=== TASK PROMPT ===
Print the listing exactly as it stands. Skip every picture.

=== Section Start ===

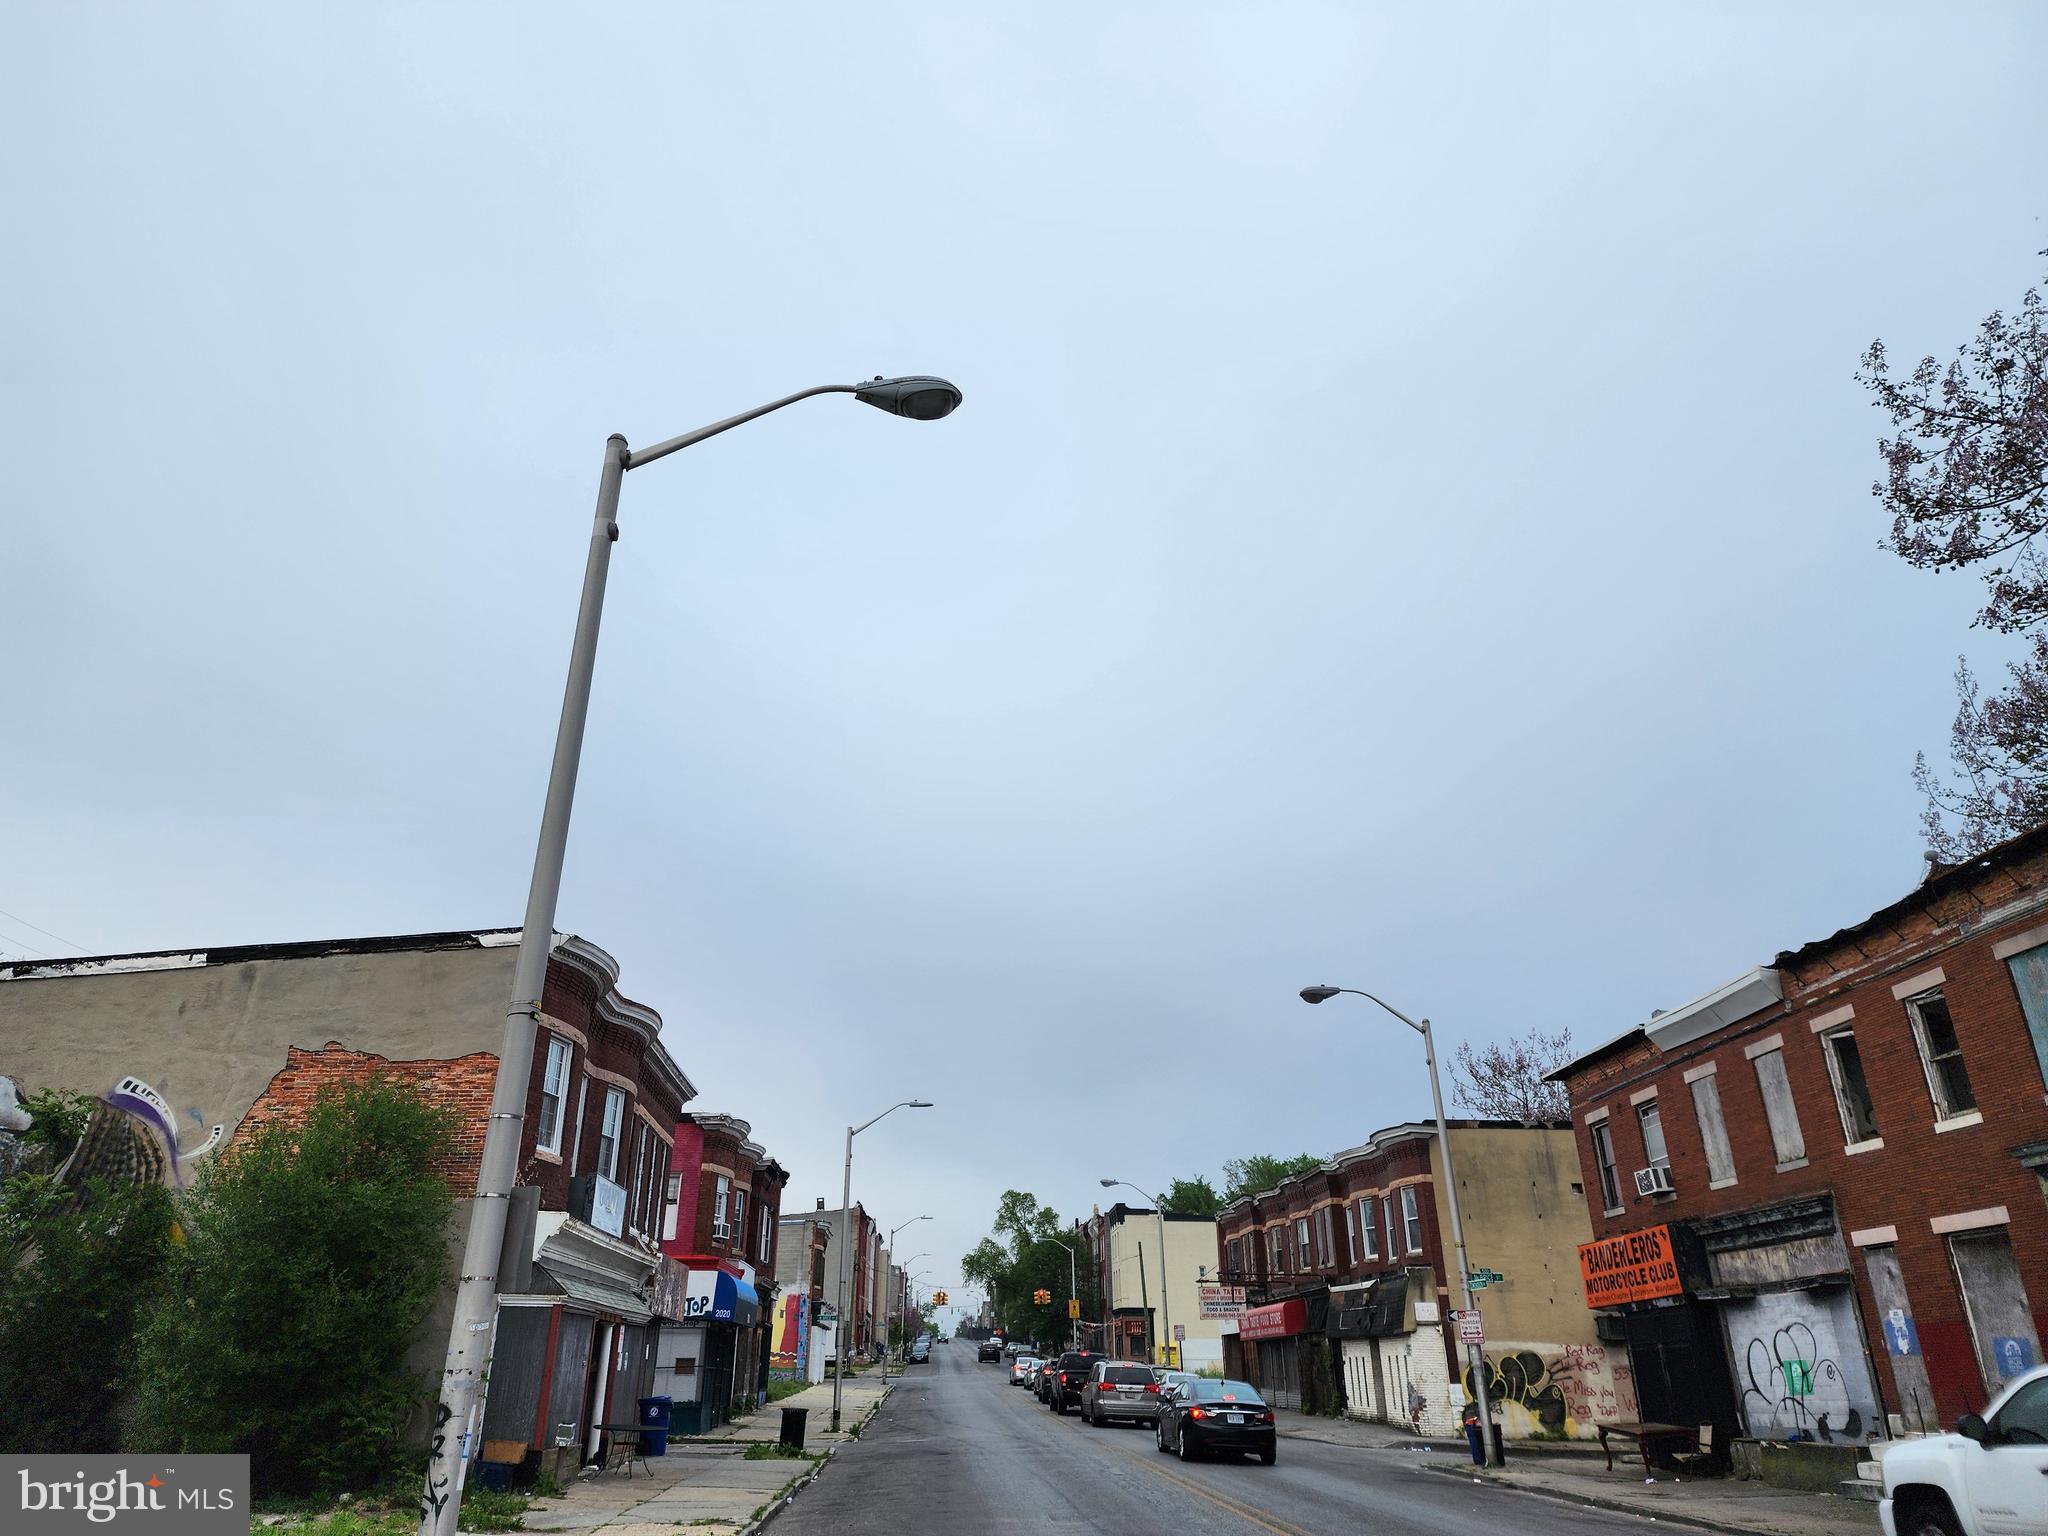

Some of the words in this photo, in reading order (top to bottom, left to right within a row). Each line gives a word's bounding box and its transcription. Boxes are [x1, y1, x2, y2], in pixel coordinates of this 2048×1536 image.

[1586, 1231, 1662, 1275] BANDERLEROS
[1586, 1268, 1648, 1295] MOTORCYCLE
[1648, 1261, 1675, 1284] CLUB
[715, 1309, 731, 1319] 2020
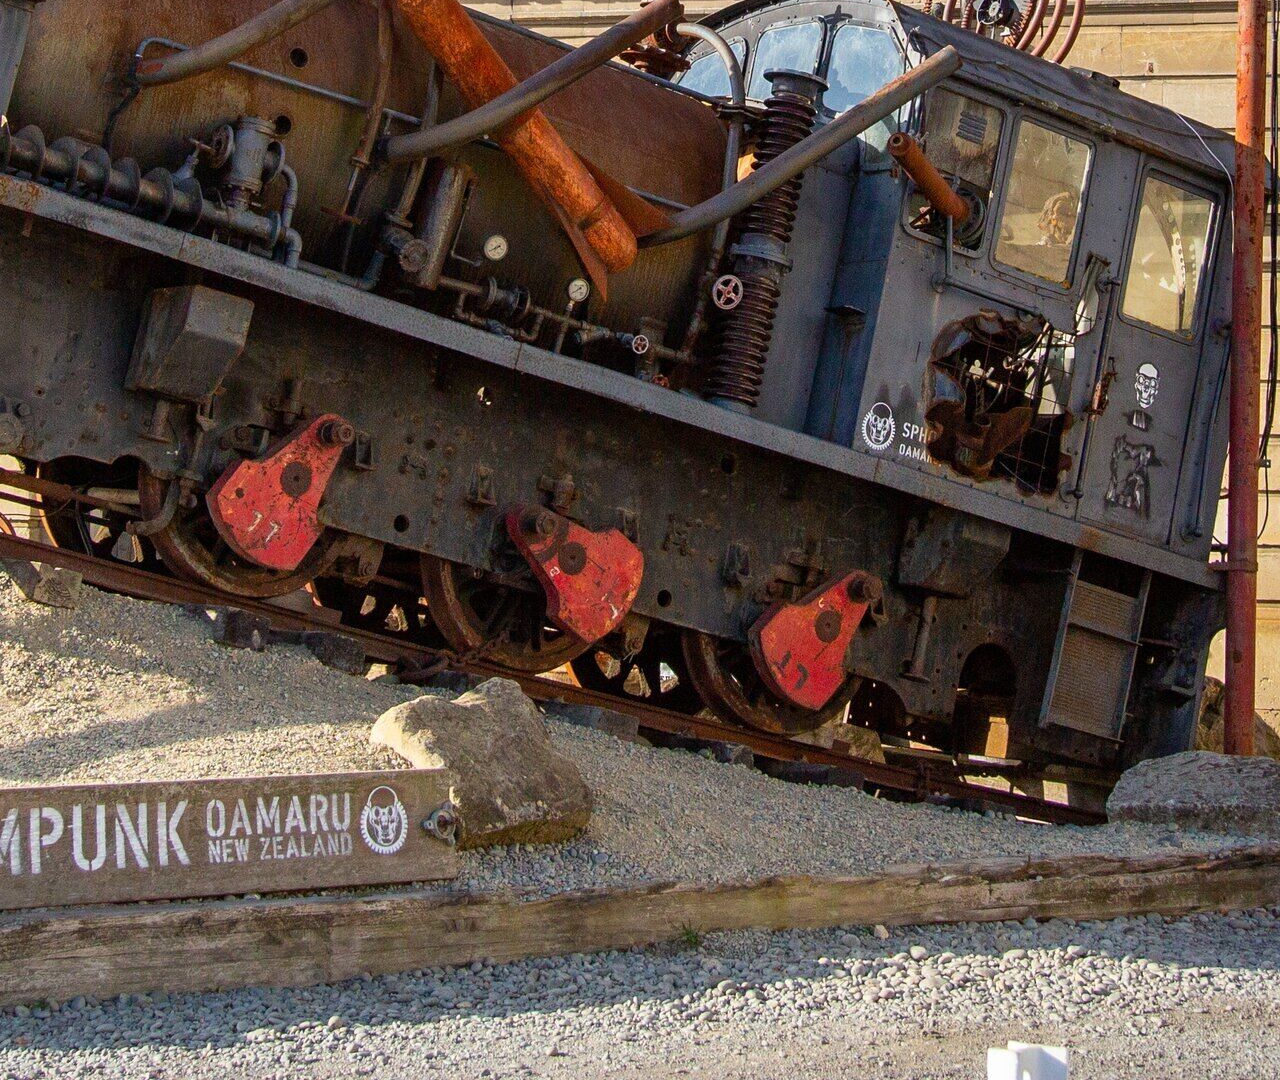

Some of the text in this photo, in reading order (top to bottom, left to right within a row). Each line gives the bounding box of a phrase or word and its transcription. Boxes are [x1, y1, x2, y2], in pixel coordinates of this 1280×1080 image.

[206, 792, 351, 838] OAMARU
[208, 832, 353, 864] NEW ZEALAND
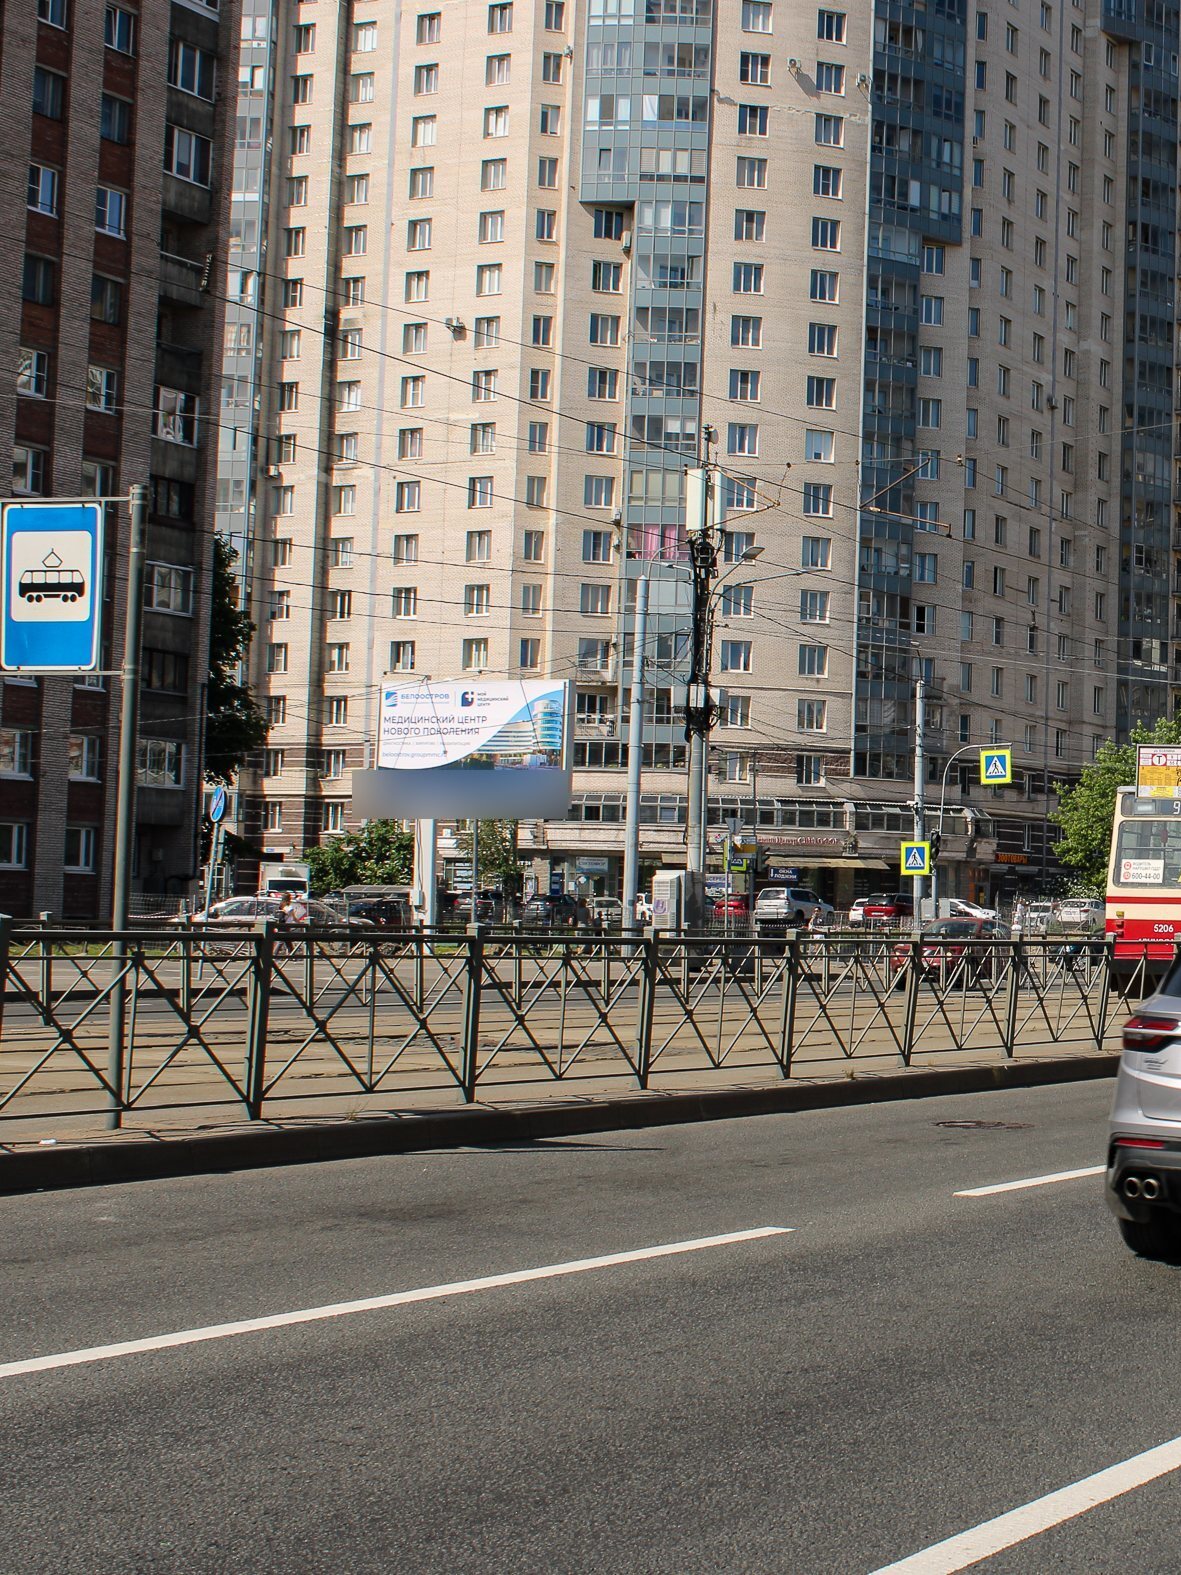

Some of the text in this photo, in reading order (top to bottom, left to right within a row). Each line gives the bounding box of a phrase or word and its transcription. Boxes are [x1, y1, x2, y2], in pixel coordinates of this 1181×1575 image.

[383, 714, 488, 726] МЕДИЦИНСКИЙ ЦЕНТР
[383, 727, 480, 736] НОВОГО ПОКОЛЕНИЯ
[1172, 800, 1181, 814] 9
[1153, 923, 1174, 933] 5206
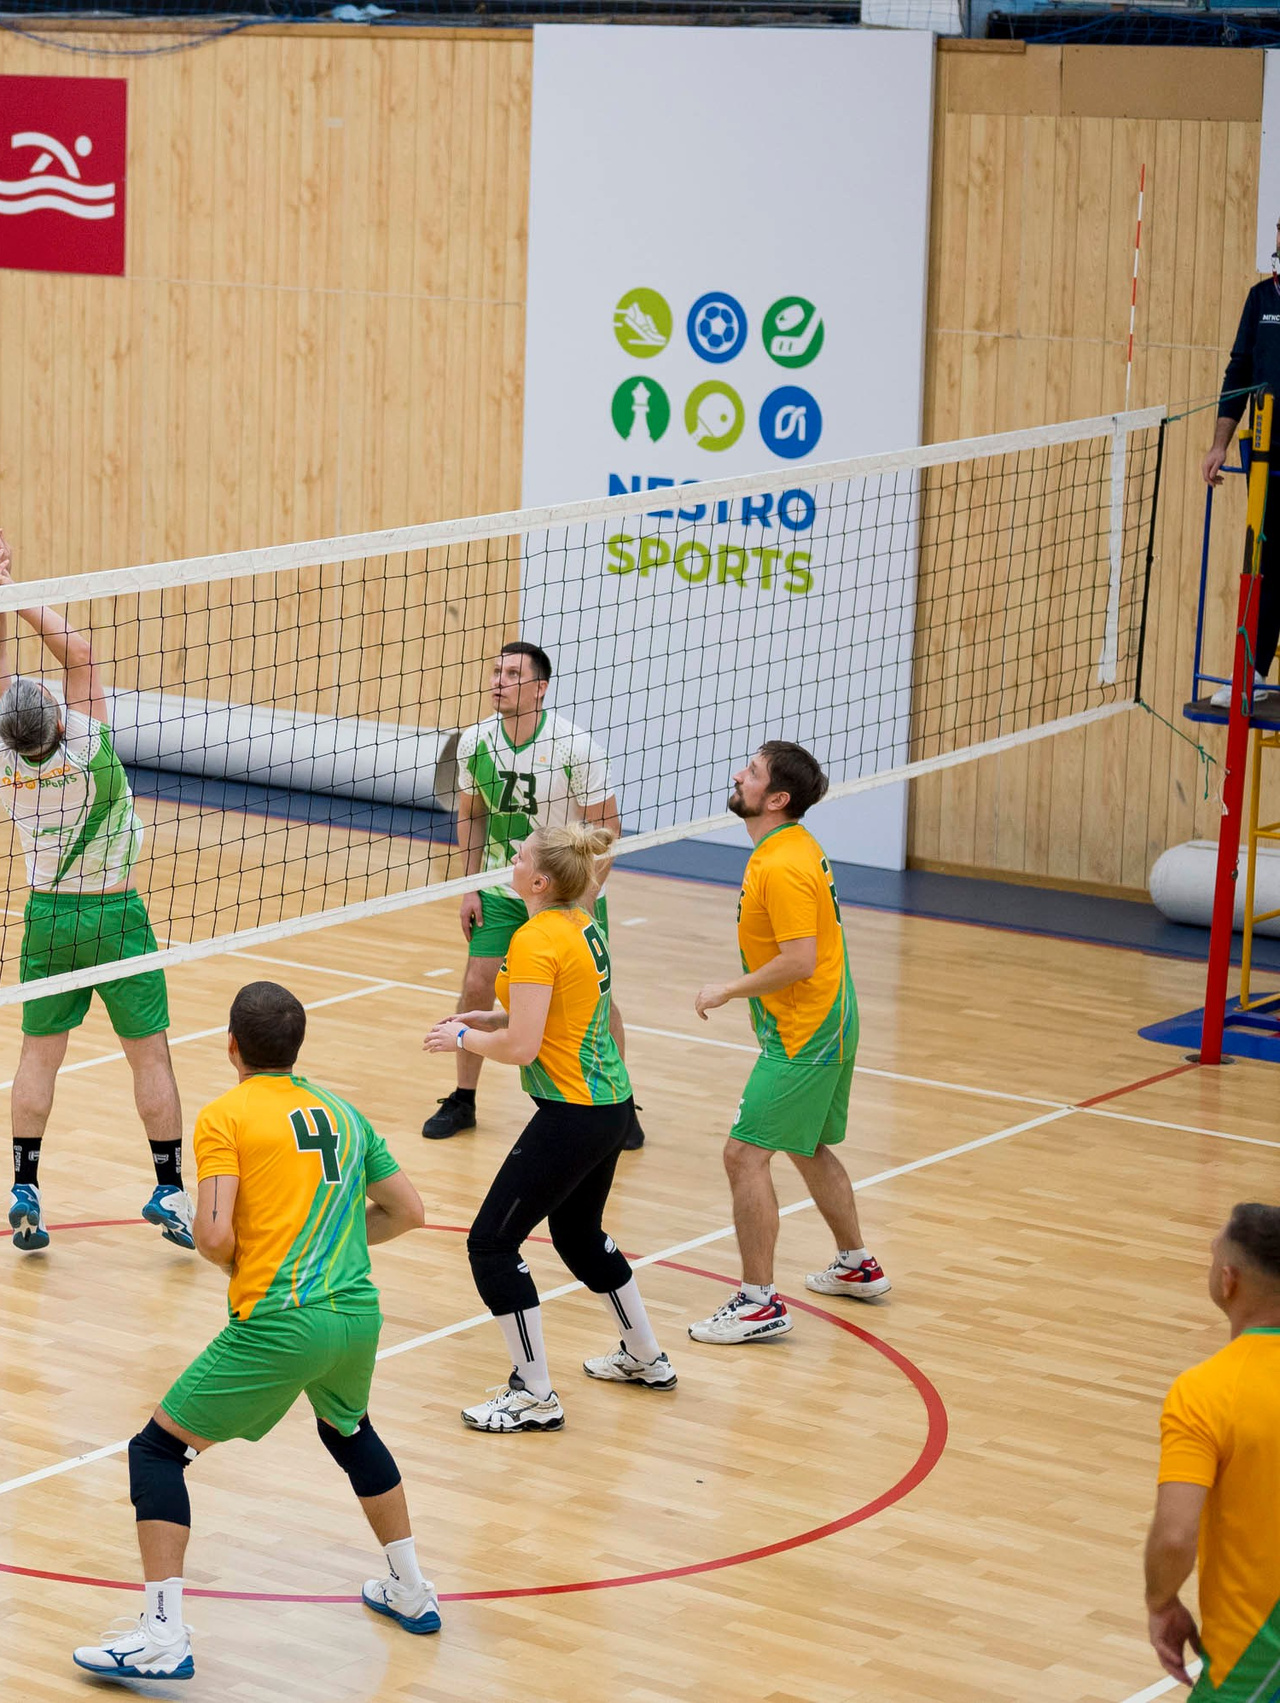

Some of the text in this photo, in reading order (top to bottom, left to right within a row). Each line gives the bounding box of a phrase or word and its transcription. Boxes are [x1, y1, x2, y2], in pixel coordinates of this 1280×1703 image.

=== Section End ===

=== FINISHED TASK ===
Some of the words in this photo, in reading order (top to bottom, left to right within a row). Each line gives a word's bounding box and its transcription. Boxes are [x1, y1, x2, y2], in pixel coordinates of this 2048×1536 image.

[1586, 1231, 1662, 1275] BANDERLEROS
[1586, 1268, 1648, 1295] MOTORCYCLE
[1648, 1261, 1675, 1284] CLUB
[715, 1309, 731, 1319] 2020

Some of the text in this photo, in reading order (top to bottom, left to right within a row). Each line gives the bounding box of a phrase or word and its transcription. Boxes are [x1, y1, x2, y2], in pixel coordinates of this 1280×1080 image.

[206, 792, 351, 838] OAMARU
[208, 832, 353, 864] NEW ZEALAND

Some of the text in this photo, in reading order (top to bottom, left to right within a row). Each line gives the bounding box of a phrase or word and its transcription. Boxes are [x1, y1, x2, y2], in pixel coordinates of this 1181×1575 image.

[383, 714, 488, 726] МЕДИЦИНСКИЙ ЦЕНТР
[383, 727, 480, 736] НОВОГО ПОКОЛЕНИЯ
[1172, 800, 1181, 814] 9
[1153, 923, 1174, 933] 5206

Some of the text in this photo, in reading order (top to bottom, left to right within a row). Each line gives the bounding box of a phrase or word and its transcription. Boxes are [x1, y1, x2, y2], in pixel coordinates of this 1280×1703 image.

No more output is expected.